Es kam die Zeit, ein Handwerk zu lernen. Henker wollte er nicht werden, er musste sich also ein wenig in der Welt umschauen. Schweren Herzens geleiteten ihn die Eltern auf den Weg. Tillenberg solle eine reiche Stadt sein, erinnerte sich der Vater, aber selbst war er nie dort gewesen. Es war nicht weit. Warum also nicht dort anfangen? Heinrich machte sich auf nach Tillenberg.
Er ging den ganzen Tag durch dichten Wald, bis es ihm schien, er habe sich verlaufen, als plötzlich zwischen den Bäumen die Lichter von Lampen und Laternen aufleuchteten. Der Junge lief schneller. Bevor es dunkel wurde, war er aus dem Wald heraus vor den Mauern der Stadt. Er konnte kaum anklopfen, da öffnete sich schon ein Fensterchen im Tor: „Wohin des Wegs?“
„In die Welt hinaus, ein Handwerk finden.“
Das Tor ging auf, Heinrich trat ein und wäre am liebsten gleich wieder fort gerannt, doch das Tor fiel augenblicklich hinter ihm zu. Es blieb ihm also nichts anderes übrig, als einen langen Gang entlang zu gehen, an dessen Seiten eine Reihe kleiner Fenster in verschiedener Höhe angebracht waren: von Heinrichs Knöchel bis zum Kopf. Vor jedem musste er stehen bleiben, sich umdrehen, wie die Stimme aus dem Fenster es befahl, und immer den Körperteil untersuchen lassen, auf den das Fensterchen blickte.
„Du wirst Schmied“, verkündete ihm die letzte Stimme, und eine Hand überreichte ihm aus dem Fensterchen einen Zettel. „Zeig das im Rathaus vor, dort sagt man dir, wo du schlafen wirst.“
Das letzte Fenster wurde geschlossen, und Heinrich trat wie ein Automat auf den Platz. Er war sehr unzufrieden mit sich („Ich will nicht Schmied werden. Warum habe ich das nicht klargemacht?“), aber er kannte sich hier nicht aus, die Müdigkeit überfiel ihn, und schließlich hatte ihm niemand etwas zu Leid getan, er entschloss sich also, diese verdächtige Fürsorge wenigstens für die erste Nacht anzunehmen.

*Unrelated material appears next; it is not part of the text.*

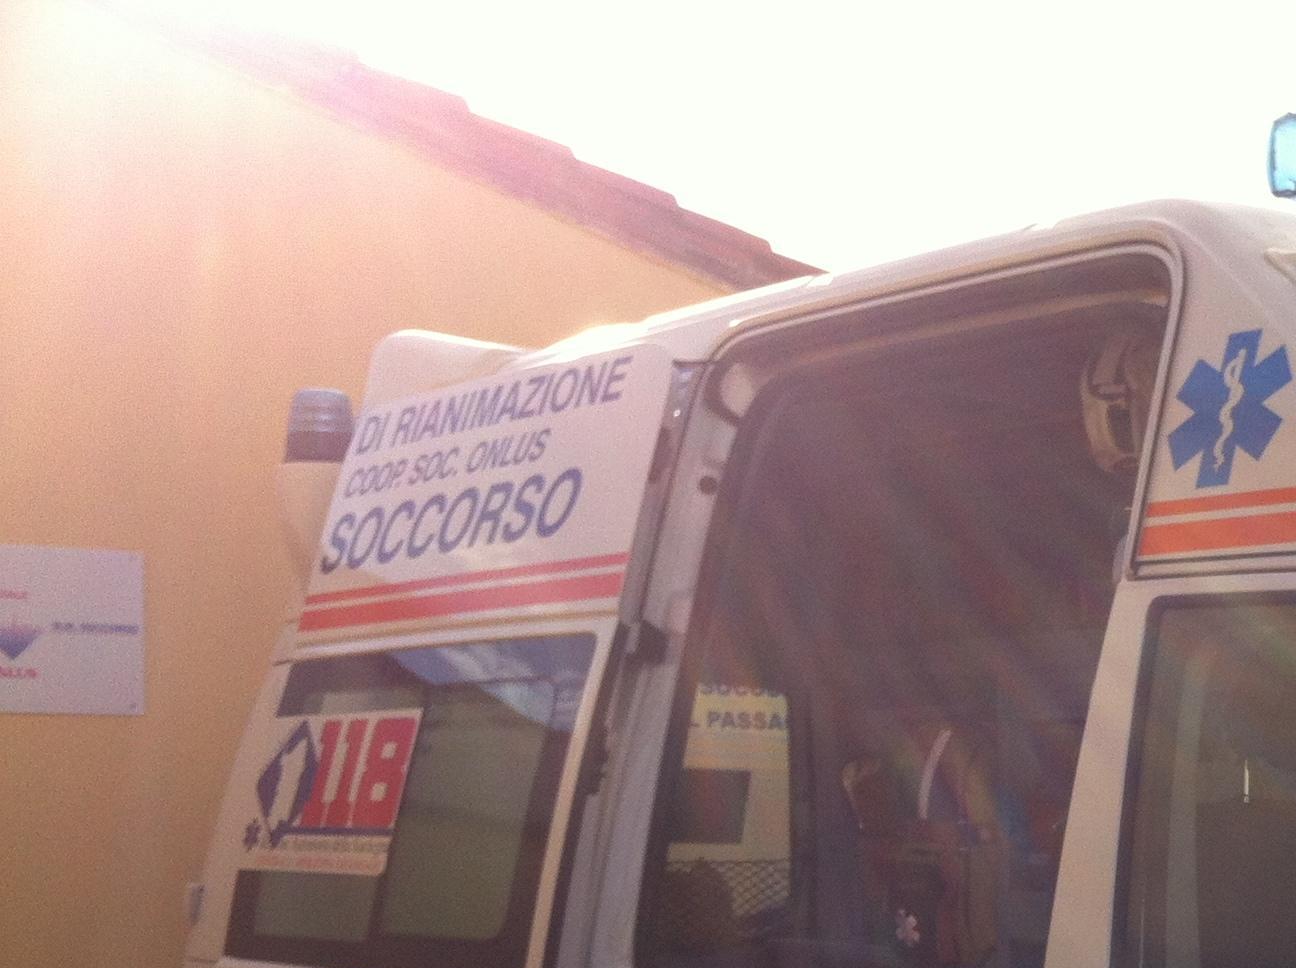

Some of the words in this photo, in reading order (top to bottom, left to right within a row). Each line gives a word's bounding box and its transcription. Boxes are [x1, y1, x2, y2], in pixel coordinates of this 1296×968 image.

Beim Rathaus zeigte er den Zettel vor, und der Pförtner führte ihn über den Platz zu einem kleinen Häuschen, wo er ihm eine Kammer zuteilte. Es war ein Bett darin, ein Schrank, ein Tisch, ein Stuhl und in der Ecke die Türe zum Klo. Heinrich legte den Ranzen ab und hätte gerne noch die Stadt angeschaut, aber der Pförtner hatte ihn scheinbar in der Kammer eingeschlossen. Da zog er sich aus und legte sich nieder.
Am Morgen weckten ihn Glocken, die aber nicht wie die von der Joachimsthaler Kirche klangen. Heinrich öffnete die Augen: Seine Kleider waren in der Nacht verschwunden, an ihrer Stelle lagen ein Schmiedekittel und eine Schürze. Was hätte er sich anderes anziehen können? Kaum hatte er das Band um die Taille geschnürt, öffnete sich die Tür und es traten einige Schmiedegesellen ein. Es wurde ihm klar, dass er ihnen zum Verwechseln ähnlich sah.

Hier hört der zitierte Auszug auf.